- **Exercise aim**:
Each record is to be copied exactly, with its pictures left behind.

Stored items
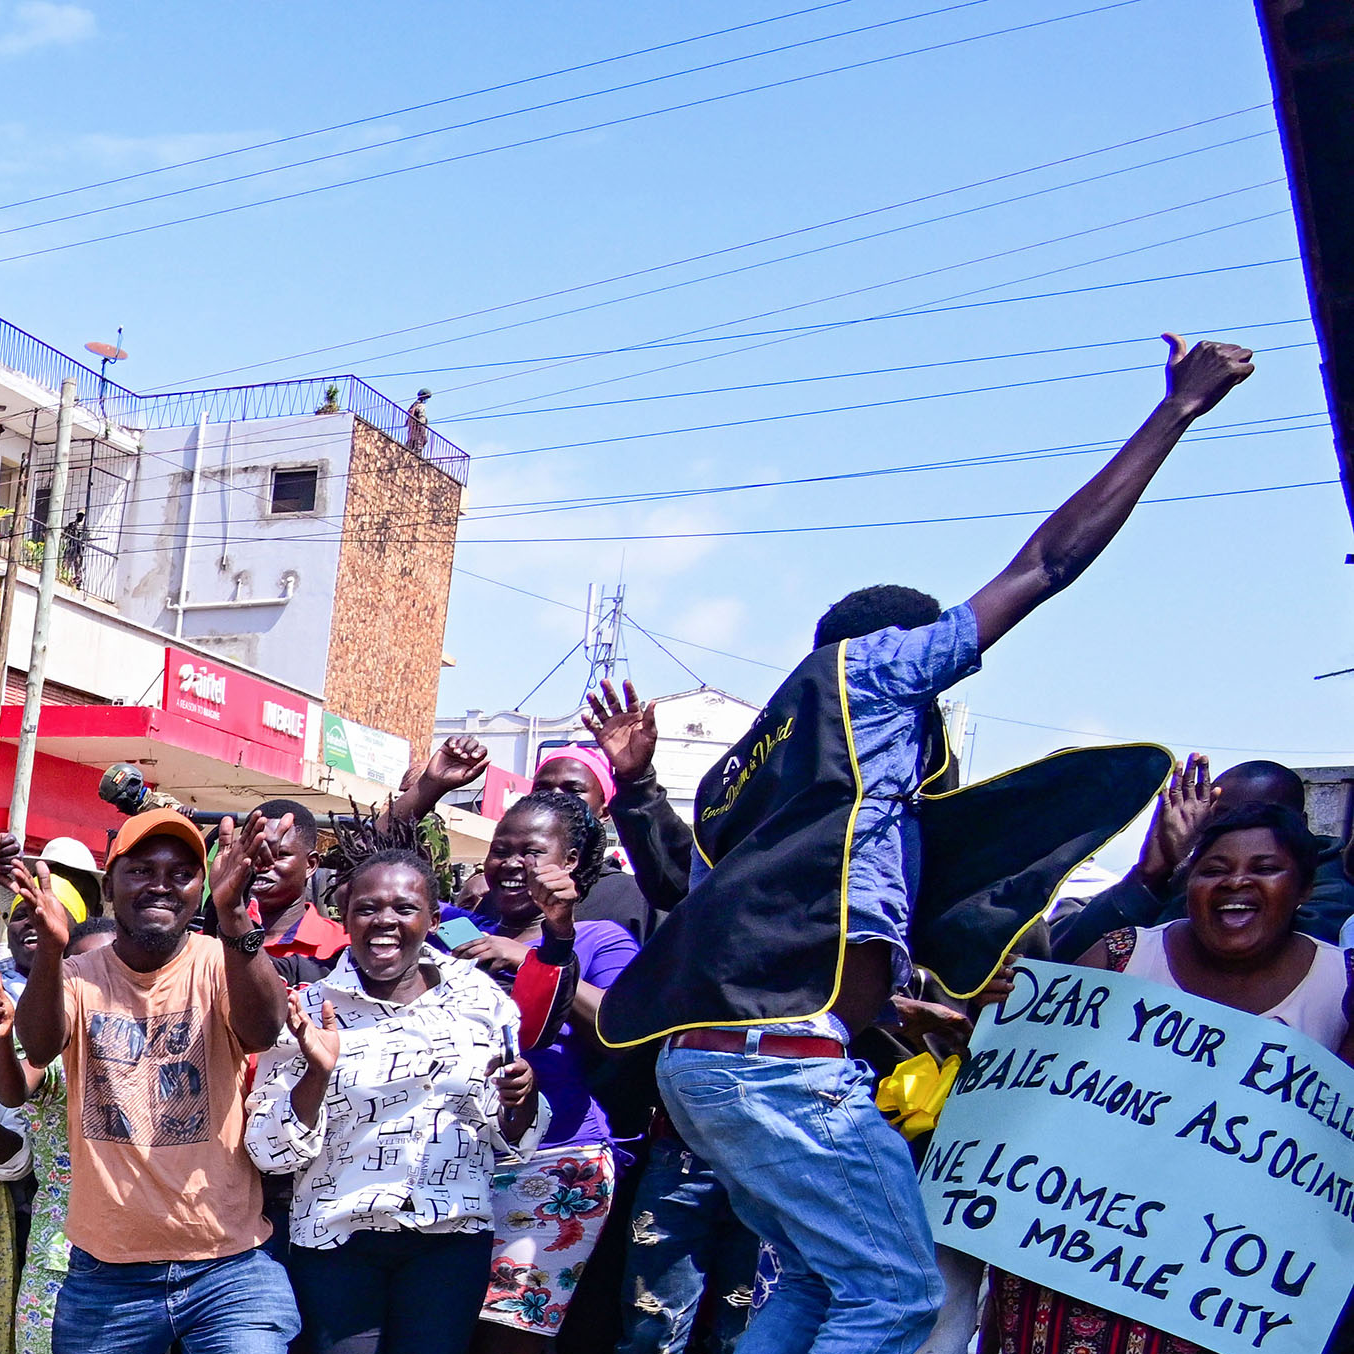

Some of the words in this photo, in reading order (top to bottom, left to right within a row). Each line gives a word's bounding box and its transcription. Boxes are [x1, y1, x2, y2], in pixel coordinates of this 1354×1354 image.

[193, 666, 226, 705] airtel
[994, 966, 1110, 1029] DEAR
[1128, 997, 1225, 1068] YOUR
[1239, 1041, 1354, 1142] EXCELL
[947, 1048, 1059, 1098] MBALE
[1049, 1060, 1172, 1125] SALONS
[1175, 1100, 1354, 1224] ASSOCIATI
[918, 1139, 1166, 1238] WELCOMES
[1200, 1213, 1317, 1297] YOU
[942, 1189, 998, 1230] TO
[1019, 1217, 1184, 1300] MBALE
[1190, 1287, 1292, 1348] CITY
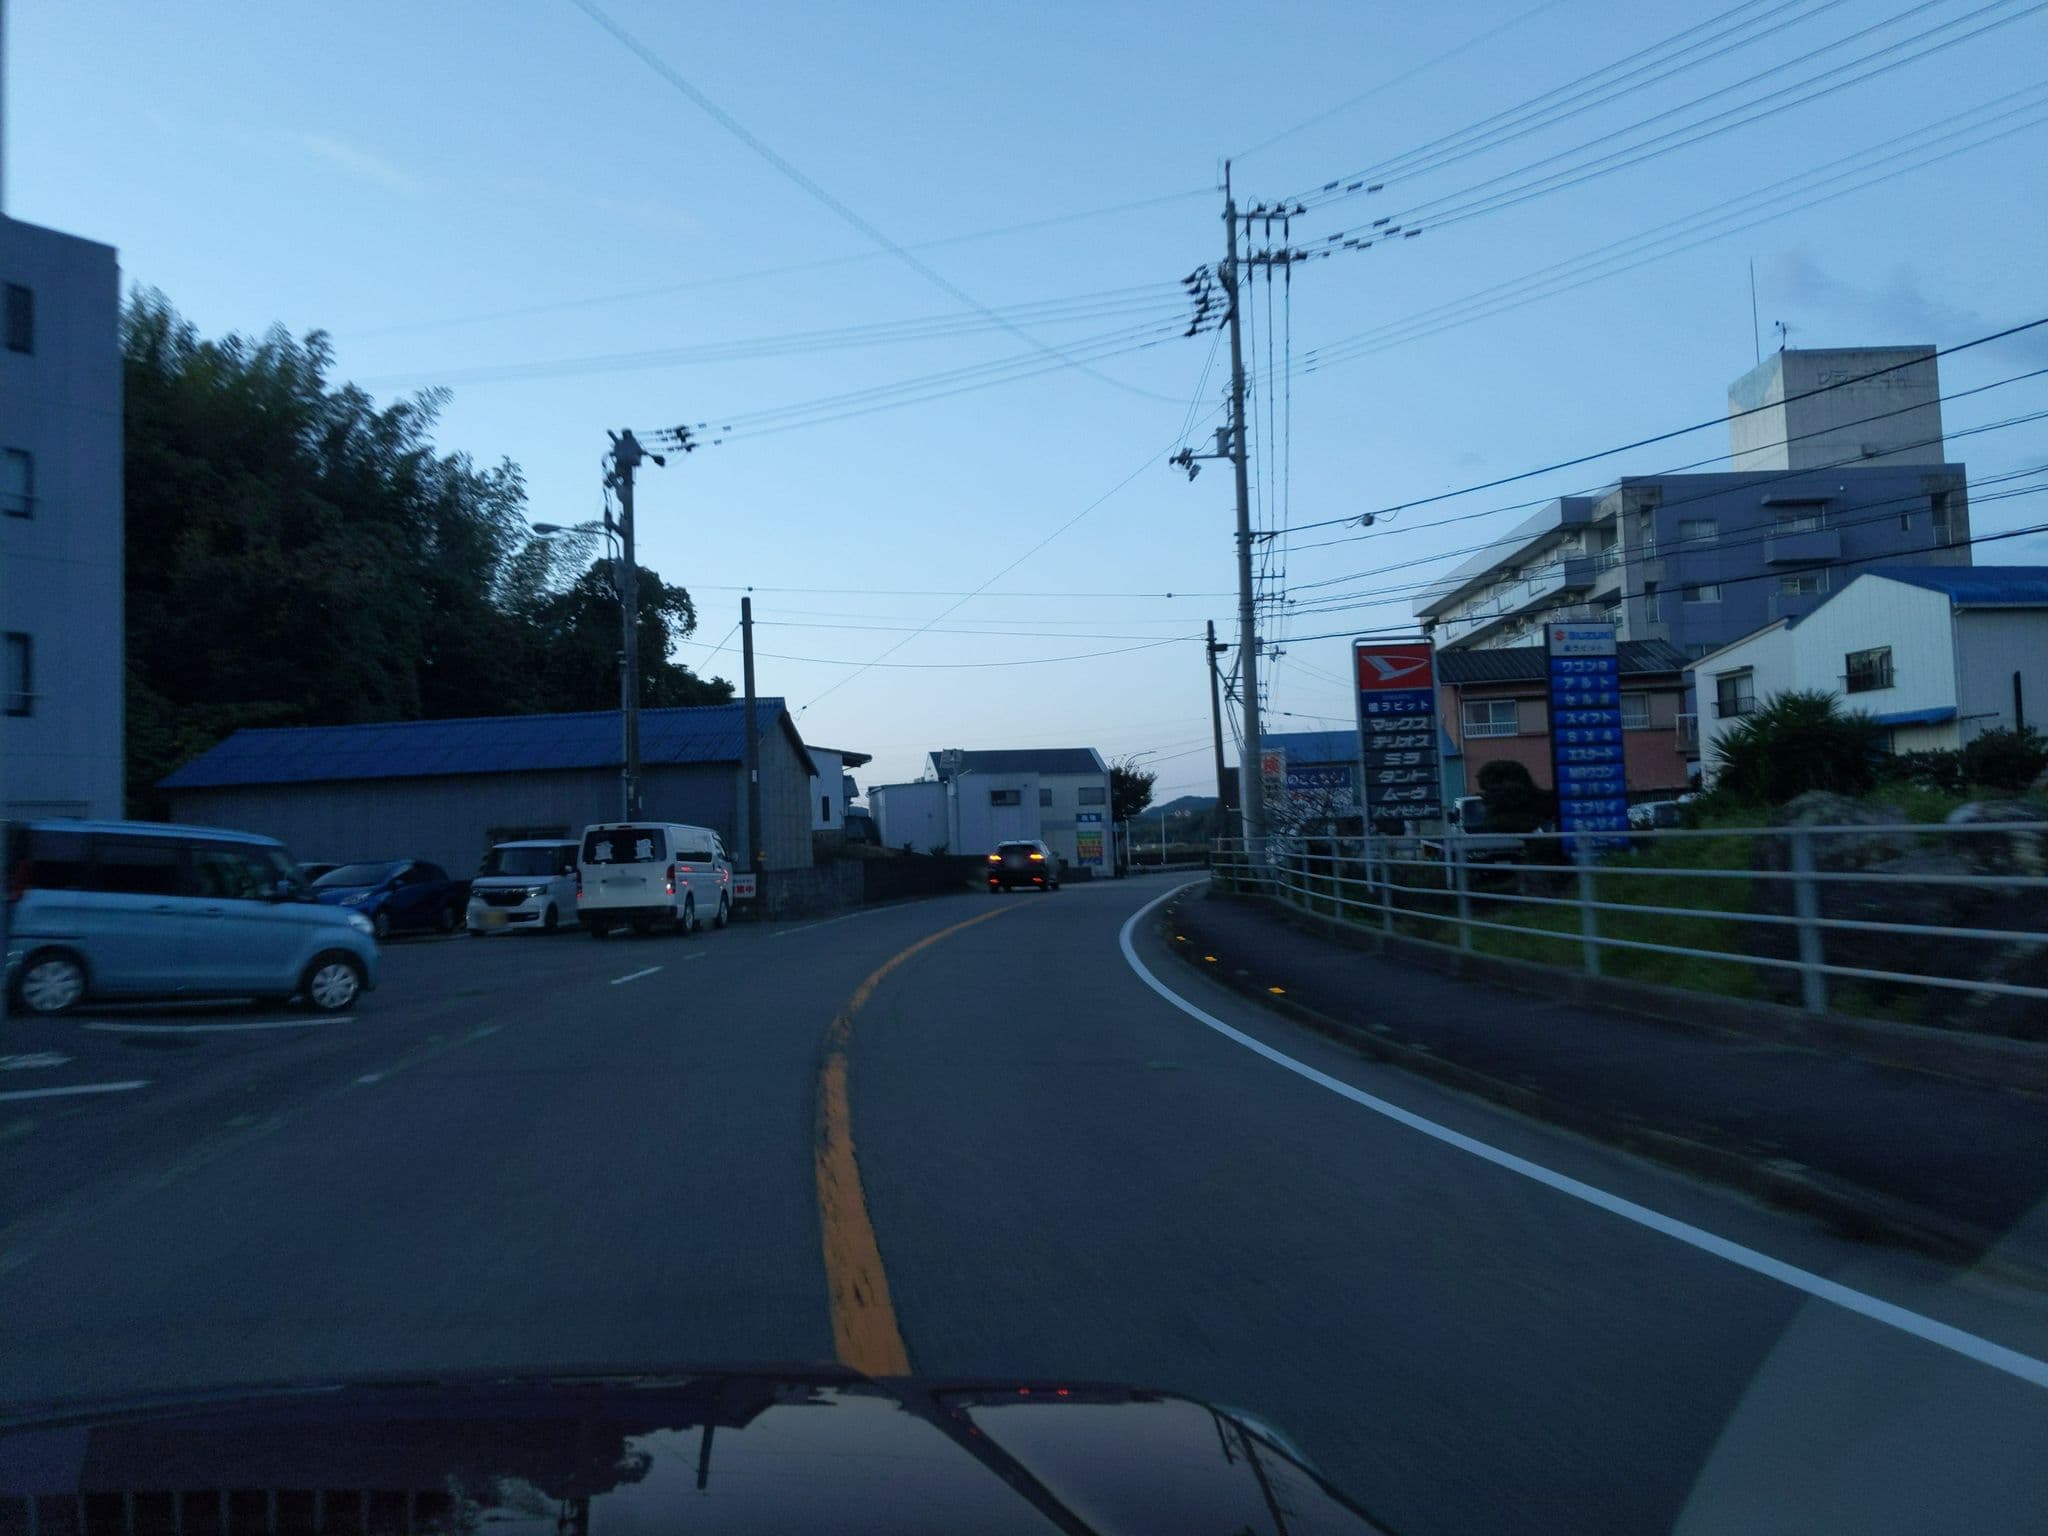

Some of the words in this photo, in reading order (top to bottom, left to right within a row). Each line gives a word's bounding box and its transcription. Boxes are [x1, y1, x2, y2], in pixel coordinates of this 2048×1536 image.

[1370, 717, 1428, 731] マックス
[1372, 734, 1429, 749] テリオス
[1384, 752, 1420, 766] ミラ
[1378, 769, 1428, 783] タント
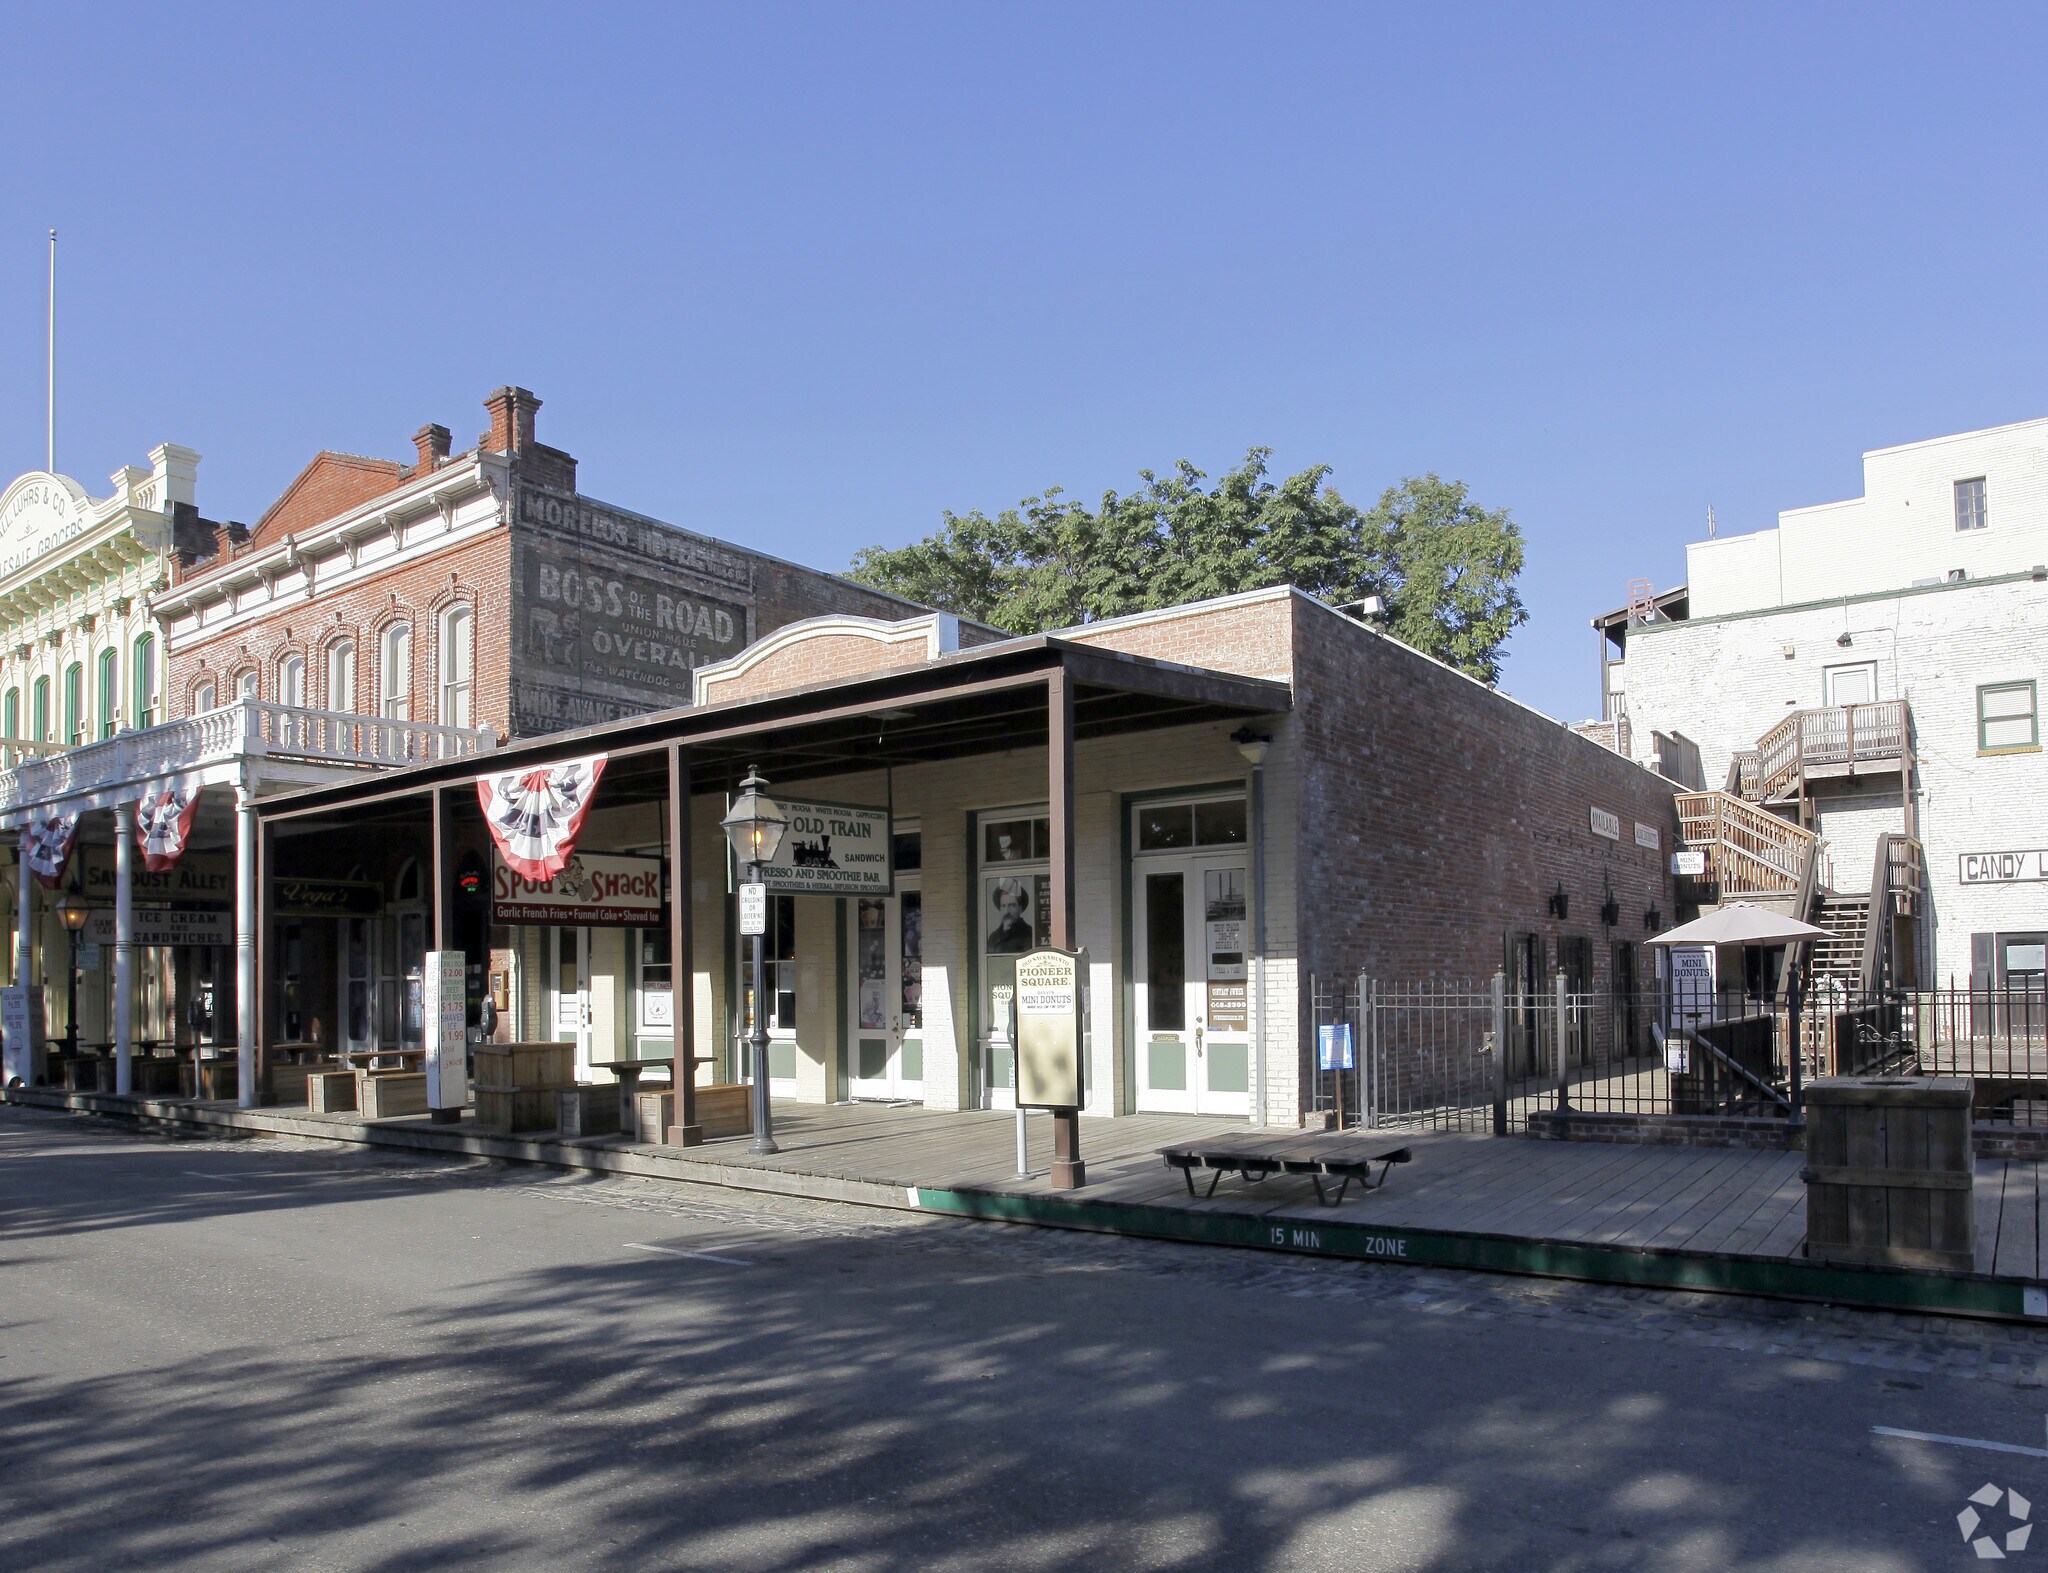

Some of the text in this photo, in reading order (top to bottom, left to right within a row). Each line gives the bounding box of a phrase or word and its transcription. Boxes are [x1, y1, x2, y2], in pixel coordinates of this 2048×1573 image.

- **Response area**:
Some of the words in this photo, in reading order (top to bottom, left to right within a row). Each line gives a word's bounding box and its transcription. Boxes are [x1, y1, x2, y2], in pixel coordinates of this 1354×1354 image.

[193, 666, 226, 705] airtel
[994, 966, 1110, 1029] DEAR
[1128, 997, 1225, 1068] YOUR
[1239, 1041, 1354, 1142] EXCELL
[947, 1048, 1059, 1098] MBALE
[1049, 1060, 1172, 1125] SALONS
[1175, 1100, 1354, 1224] ASSOCIATI
[918, 1139, 1166, 1238] WELCOMES
[1200, 1213, 1317, 1297] YOU
[942, 1189, 998, 1230] TO
[1019, 1217, 1184, 1300] MBALE
[1190, 1287, 1292, 1348] CITY

Some of the words in this photo, in reading order (top to bottom, left to right within a row). Each line gives a word's bounding box and its transcription. Boxes are [x1, y1, x2, y2], in pixel coordinates of this 2048×1536 image.

[1370, 717, 1428, 731] マックス
[1372, 734, 1429, 749] テリオス
[1384, 752, 1420, 766] ミラ
[1378, 769, 1428, 783] タント

Some of the text in this photo, in reading order (top to bottom, left to right within a row). Each line gives the bounding box of a phrase or word and its transcription. Boxes are [x1, y1, x2, y2], in pixel coordinates of this 2048×1573 image.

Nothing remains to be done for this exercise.